Salmon also contains 4,023 milligrams (mg) of omega-3 fatty acids, including the skin. This type of fatty acid keeps salmon warm while in the sea.
Not only is it beneficial for salmon itself, the content of omega-3 fatty acids is also known to be beneficial for the human body. Omega-3 fatty acids are needed by the body to improve heart health, protect the brain from degeneration, keep skin supple and healthy, and reduce the risk of age-related macular degeneration.
Because of this abundance of nutrients, salmon is one of the types of fish recommended by the Food and Drug Administration (FDA) in the United States, equivalent to the POM in Indonesia. In fact, the FDA recommends that people eat salmon at least 2-3 servings per week to get the maximum benefits of salmon.
Here's how to properly cook salmon skin
Not just the meat, salmon skin is also safe for consumption. However, you should first make sure the salmon you get is in good condition. Because after all, salmon is susceptible to contamination by polychlorinated biphenyls (PCBs), a carcinogen that can lead to cancer and birth defects.
That is why it is important to process salmon skin properly before eating it. This is not only useful for avoiding contaminants in salmon, but also maximizing the absorption of nutrients from the salmon itself.
There are two ways you can do when cooking salmon skin, namely just cook the salmon skin or cook it together with the salmon meat. But it's good, cook the salmon which is still covered by the skin rather than skin it first.
Cooking salmon that is still covered with skin can maintain the nutrients and oil content in the salmon meat. In addition, the salmon skin protects the layer of meat underneath so it doesn't burn when cooked.
It doesn't matter if you want to cook fried salmon skin that is crispy and dry.
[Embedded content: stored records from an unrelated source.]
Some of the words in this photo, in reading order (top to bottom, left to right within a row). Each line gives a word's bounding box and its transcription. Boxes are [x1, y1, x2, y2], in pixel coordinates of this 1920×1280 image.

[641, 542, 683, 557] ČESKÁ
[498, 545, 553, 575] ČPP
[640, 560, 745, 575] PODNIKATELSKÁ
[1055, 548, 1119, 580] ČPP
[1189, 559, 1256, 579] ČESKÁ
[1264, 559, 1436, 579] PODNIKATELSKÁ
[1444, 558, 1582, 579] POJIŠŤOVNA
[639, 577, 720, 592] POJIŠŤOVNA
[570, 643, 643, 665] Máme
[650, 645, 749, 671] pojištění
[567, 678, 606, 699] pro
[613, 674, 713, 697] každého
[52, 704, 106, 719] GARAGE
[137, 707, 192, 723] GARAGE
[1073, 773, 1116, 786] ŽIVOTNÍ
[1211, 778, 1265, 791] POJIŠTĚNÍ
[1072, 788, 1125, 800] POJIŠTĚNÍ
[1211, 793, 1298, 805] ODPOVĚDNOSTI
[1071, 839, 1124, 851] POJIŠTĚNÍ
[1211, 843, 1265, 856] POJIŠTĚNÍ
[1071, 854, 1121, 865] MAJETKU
Besides being cooked as a side dish, fried salmon skin can also be used as a healthy and filling snack, you know!
In order to be healthier and maintain nutrition, pay attention to how to fry the salmon skin below.
- Remove the skin from the salmon meat.
- Cut the salmon skin into small pieces, about 1 inch (2.5 cm) long. Pat the salmon skins with paper towels until the salmon skins are dry.
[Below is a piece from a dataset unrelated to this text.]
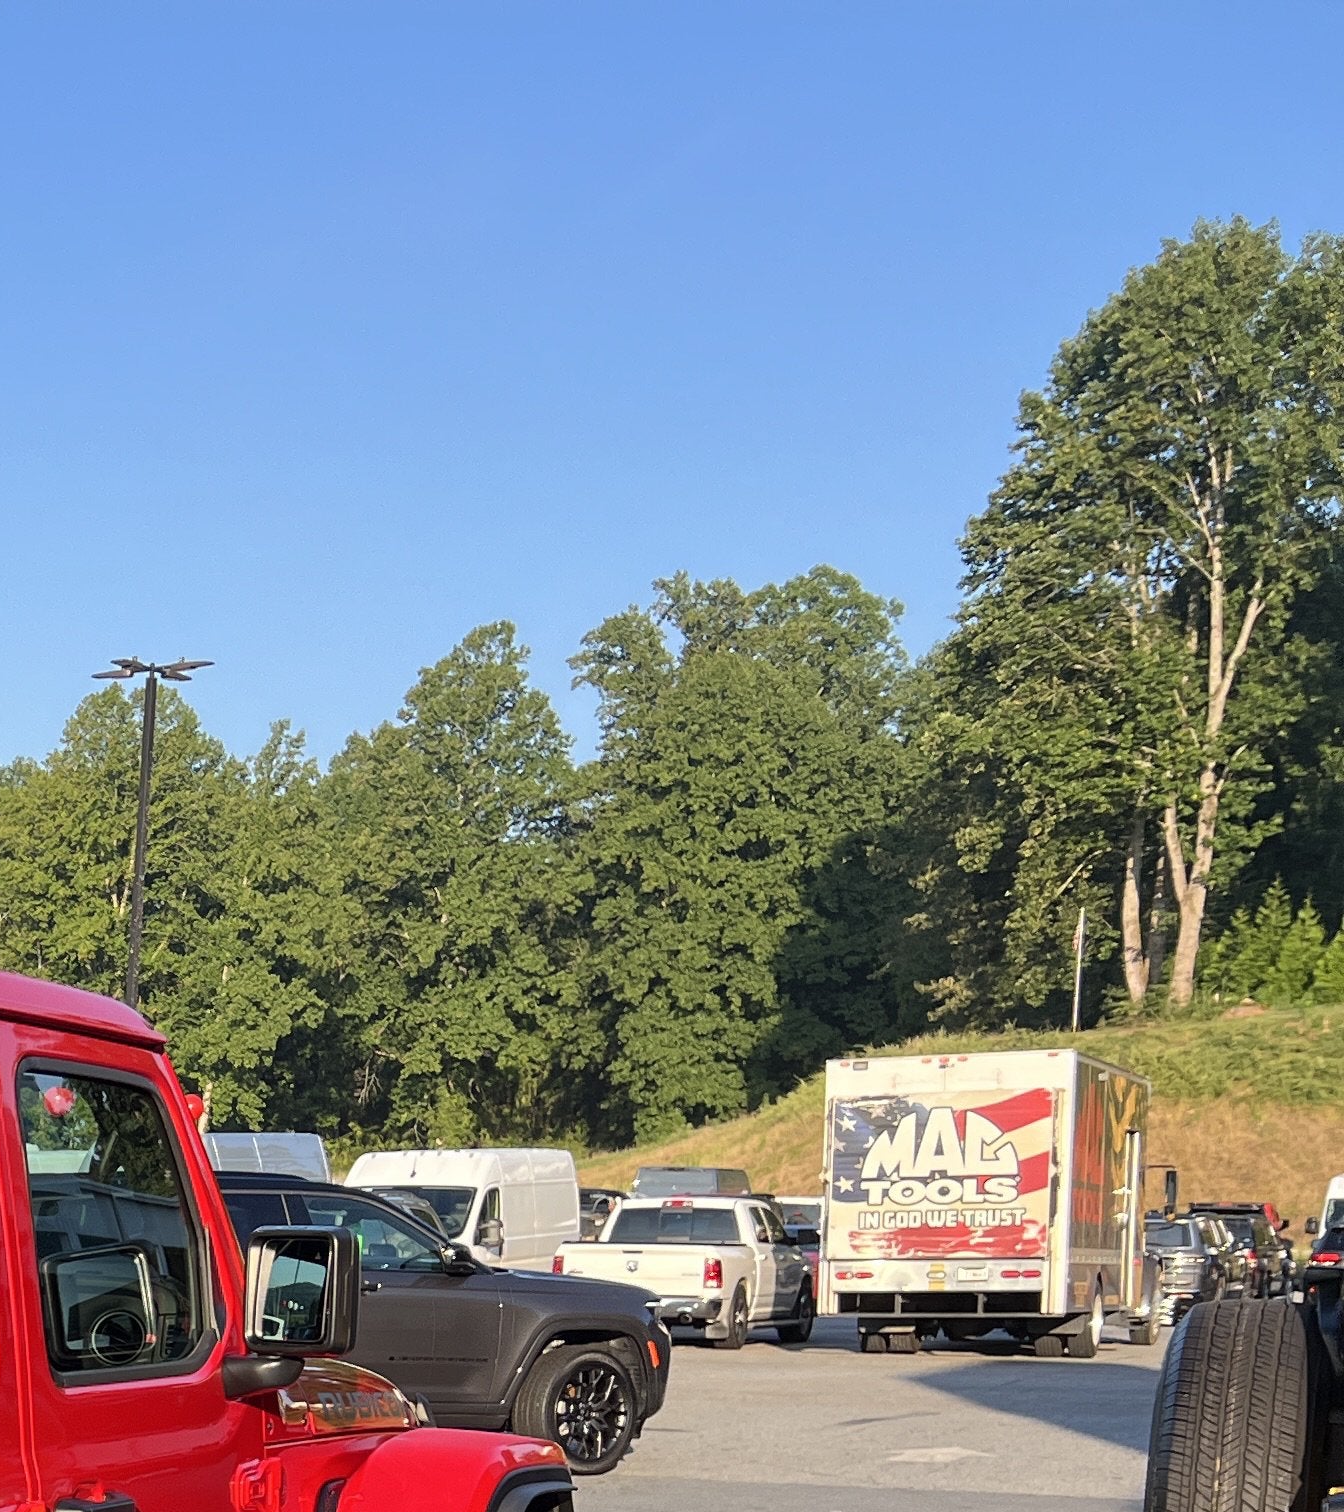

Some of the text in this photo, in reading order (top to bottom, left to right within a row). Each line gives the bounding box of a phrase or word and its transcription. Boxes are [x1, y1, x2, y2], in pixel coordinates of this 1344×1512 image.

[861, 1106, 1020, 1179] MAC
[860, 1177, 1020, 1206] TOOLS
[858, 1207, 1026, 1230] IN GOD WE TRUST
- Place the olive oil or canola oil in the skillet. Use medium-high heat and wait for it to heat up.
- Place the dried salmon rind in the skillet.
- Fry the salmon skin until it's cooked and crispy. Don't forget to flip it over and over so that both sides cook evenly and don't burn.
- Remove the cooked salmon skin, then drain it on a paper towel. Leave it for a few moments to remove excess oil.
- Add a pinch of salt or BBQ spices to taste according to taste.
- Serve as a side dish or snack.
For those of you who have high blood pressure or hypertension, you should no longer need to add salt or other spices to the salmon skin dish. Because, salmon skin itself already contains high sodium which can further increase your blood pressure.
In addition to frying, salmon skin can also be cooked by roasting it to make it healthier and reduce the use of oil. The preparation process is not much different from when you want to fry the salmon skin.
The trick, cut the salmon skin into small pieces, then bake with olive oil and chopped tomatoes or potatoes in the oven. The taste is guaranteed to be no less delicious and nutritious, of course.